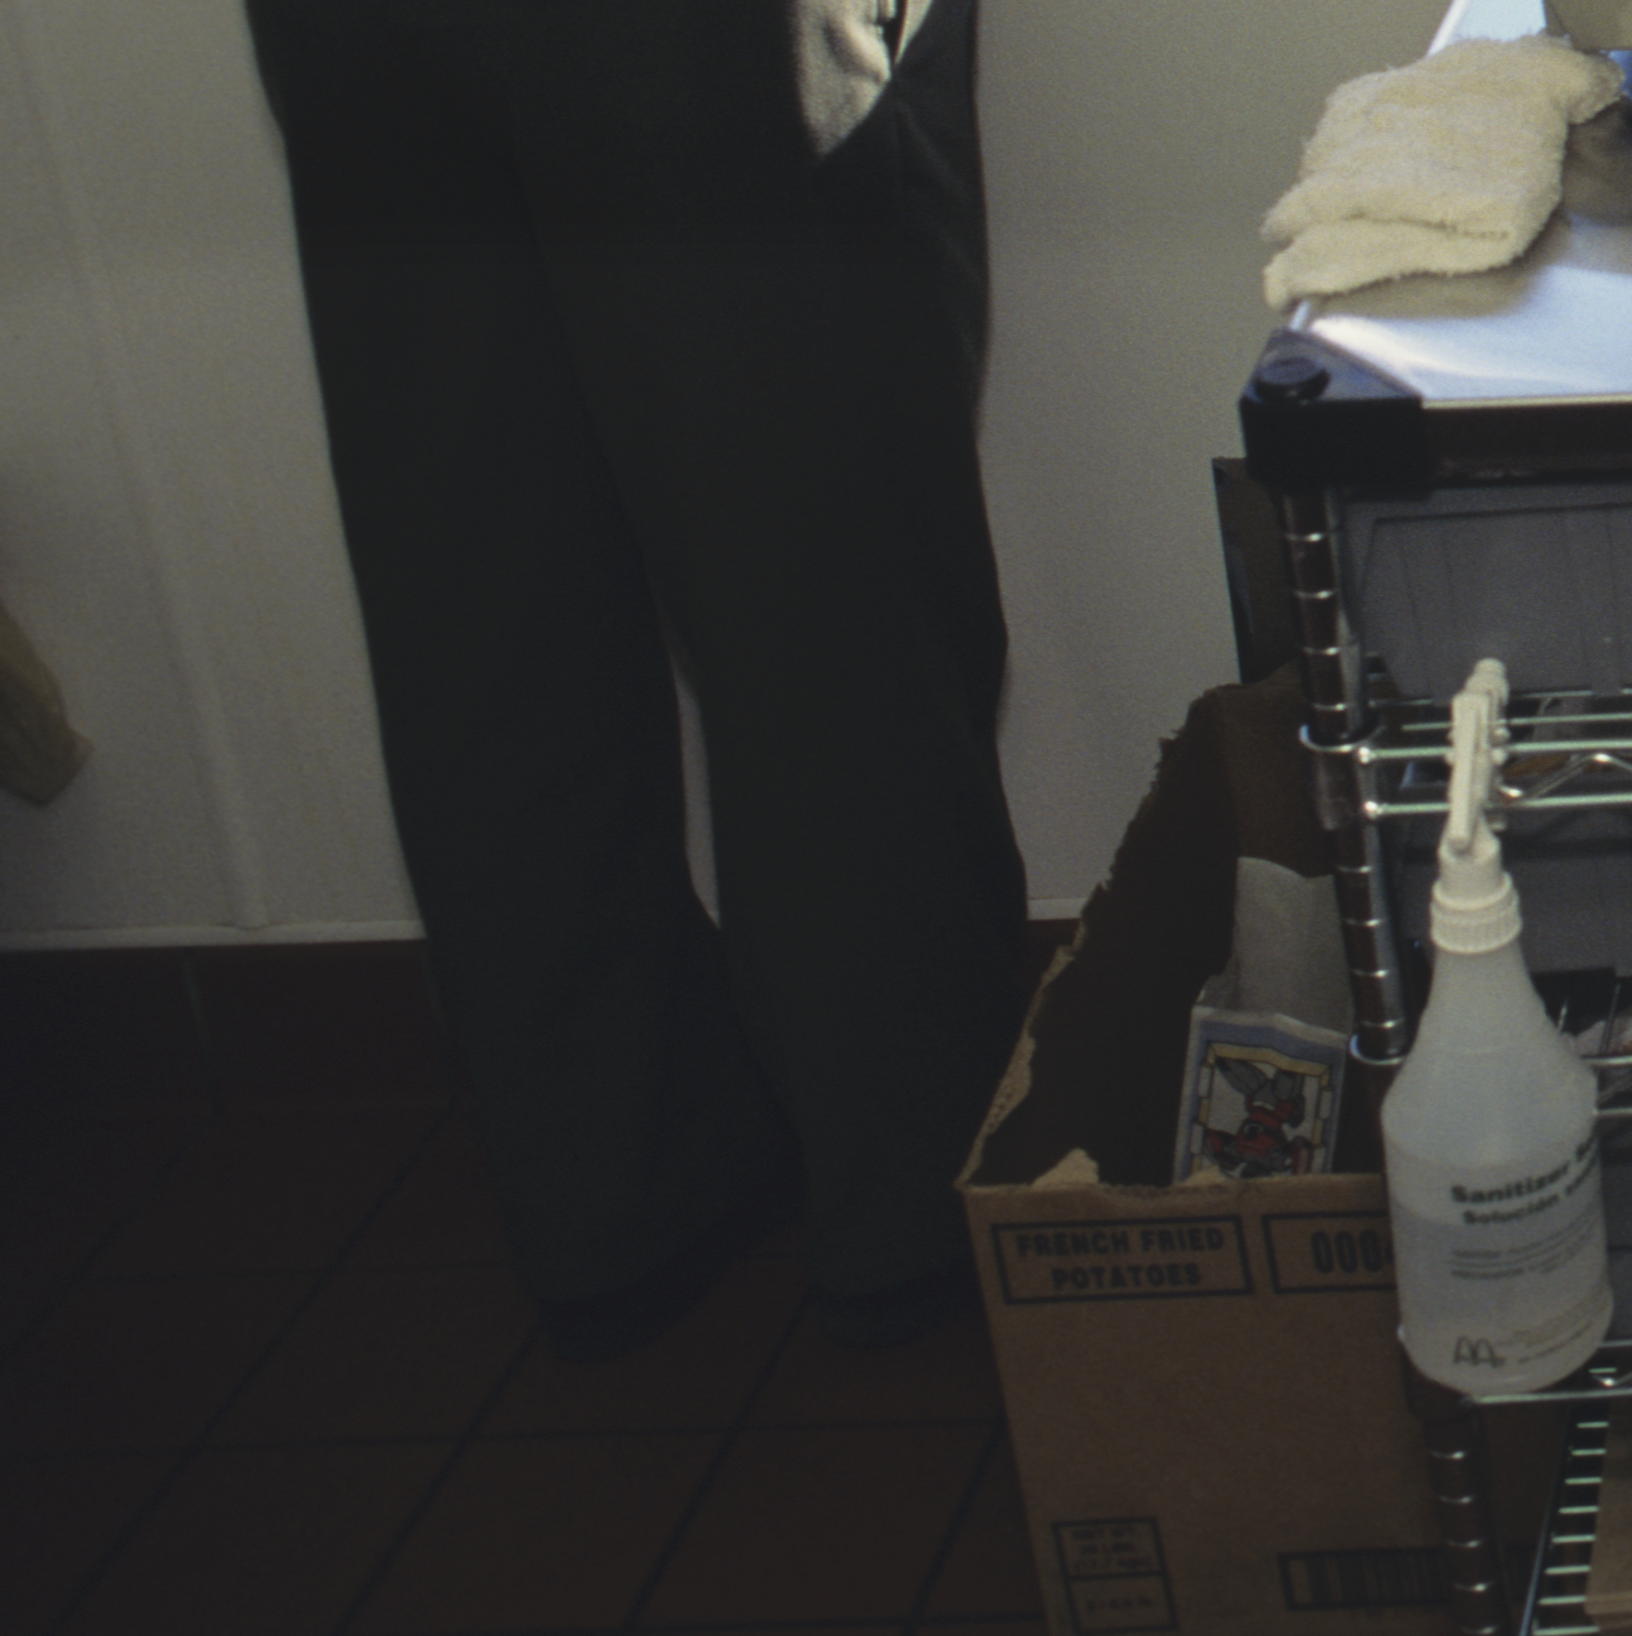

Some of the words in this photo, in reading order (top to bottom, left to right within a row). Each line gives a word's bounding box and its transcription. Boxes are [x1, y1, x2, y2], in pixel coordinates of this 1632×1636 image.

[1452, 1160, 1571, 1203] Sanitizer
[1016, 1231, 1130, 1258] FRENCH
[1141, 1228, 1225, 1253] FRIED
[1311, 1230, 1394, 1273] 000
[1052, 1263, 1201, 1290] POTATOES
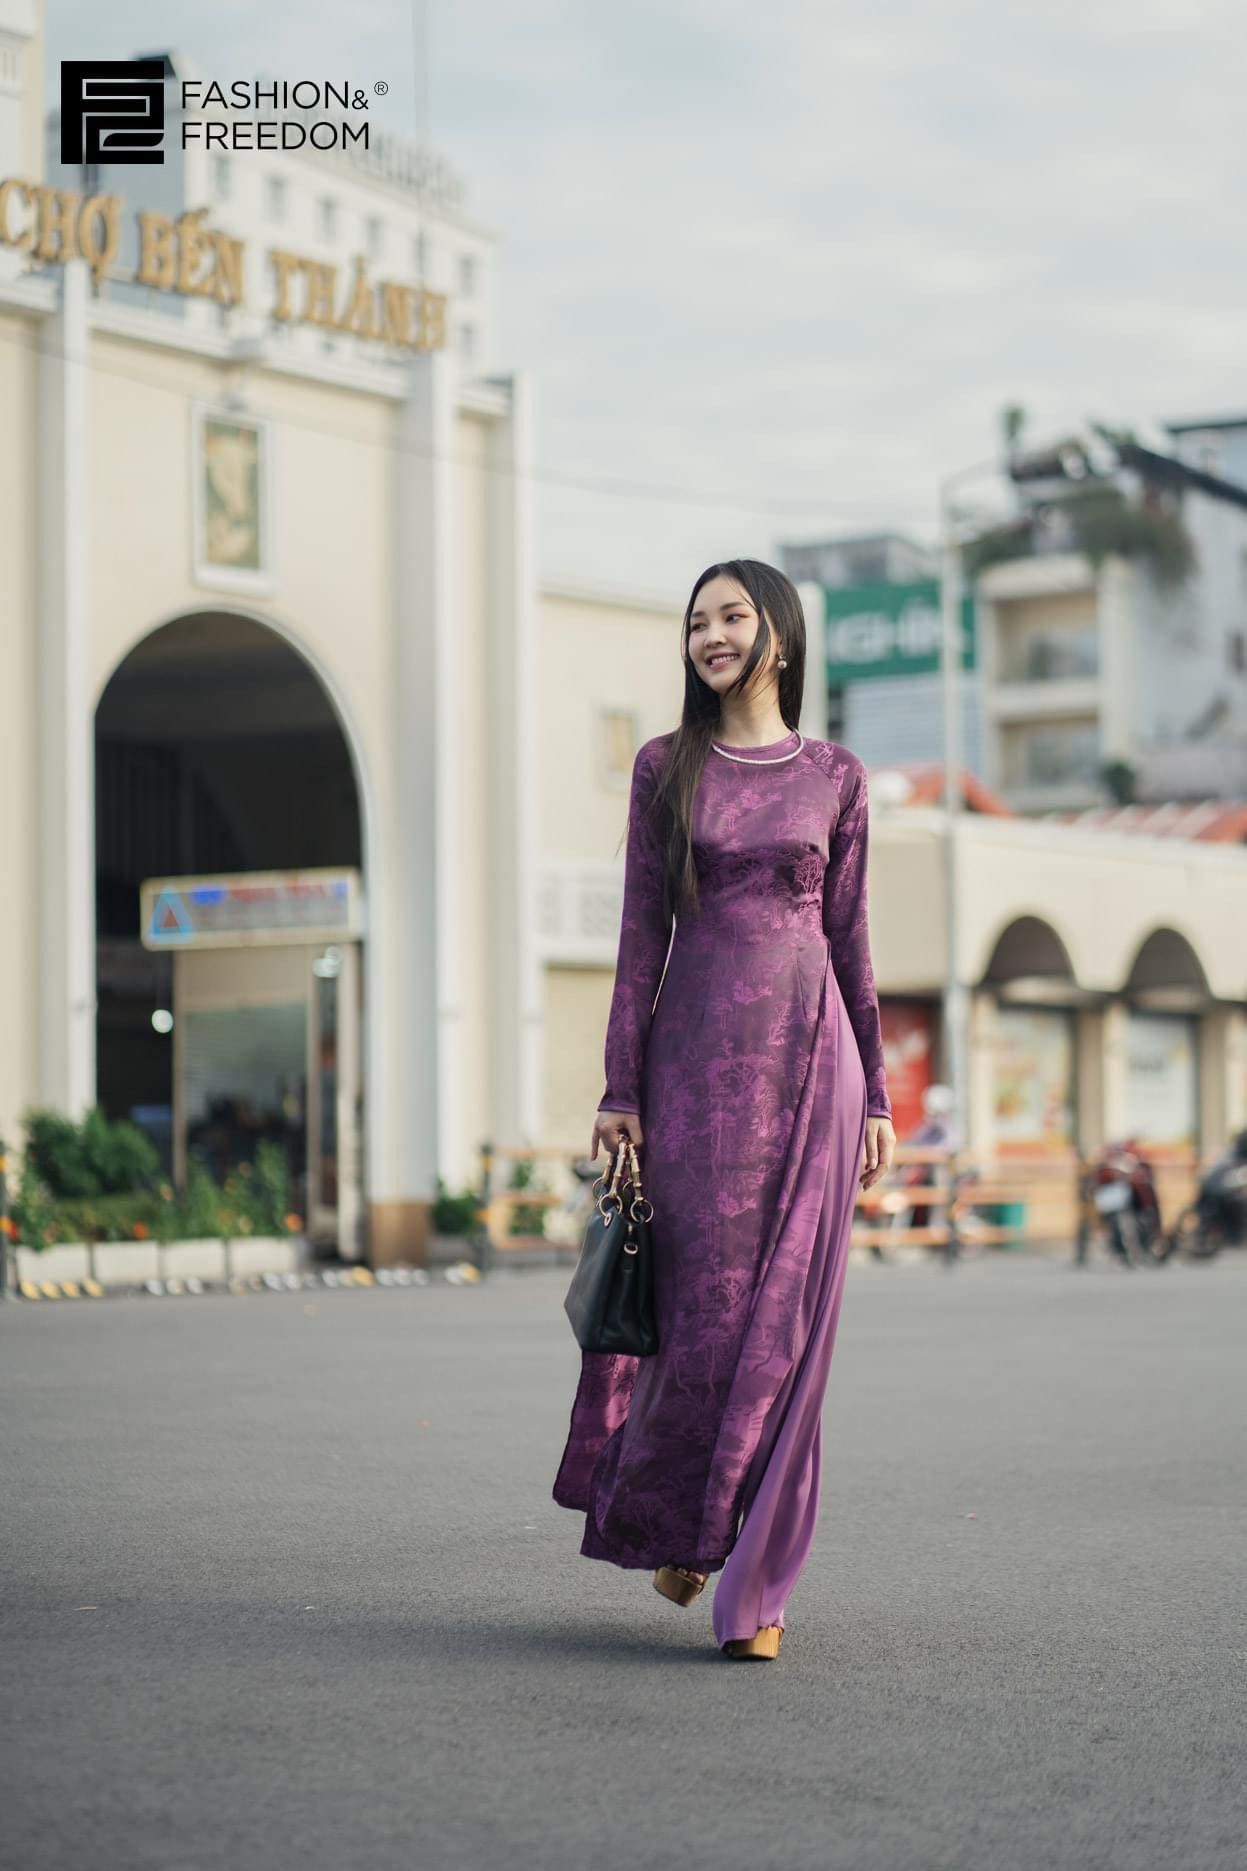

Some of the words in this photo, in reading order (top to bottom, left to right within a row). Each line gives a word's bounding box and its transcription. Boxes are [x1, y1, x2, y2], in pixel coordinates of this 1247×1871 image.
------------------------------------------------------------------------
▶ **Problem details**
Copy the listing exactly but drop its images.

▶ **Response area**
Some of the words in this photo, in reading order (top to bottom, left to right within a row). Each line gives a word's bounding box and its transcription. Boxes are [x1, y1, x2, y2], in pixel coordinates of this 1632×1636 image.

[1452, 1160, 1571, 1203] Sanitizer
[1016, 1231, 1130, 1258] FRENCH
[1141, 1228, 1225, 1253] FRIED
[1311, 1230, 1394, 1273] 000
[1052, 1263, 1201, 1290] POTATOES

Some of the words in this photo, in reading order (top to bottom, left to right within a row). Each line gives a word's bounding box and its transcription. Boxes are [x1, y1, x2, y2], in pixel coordinates of this 1247×1871 image.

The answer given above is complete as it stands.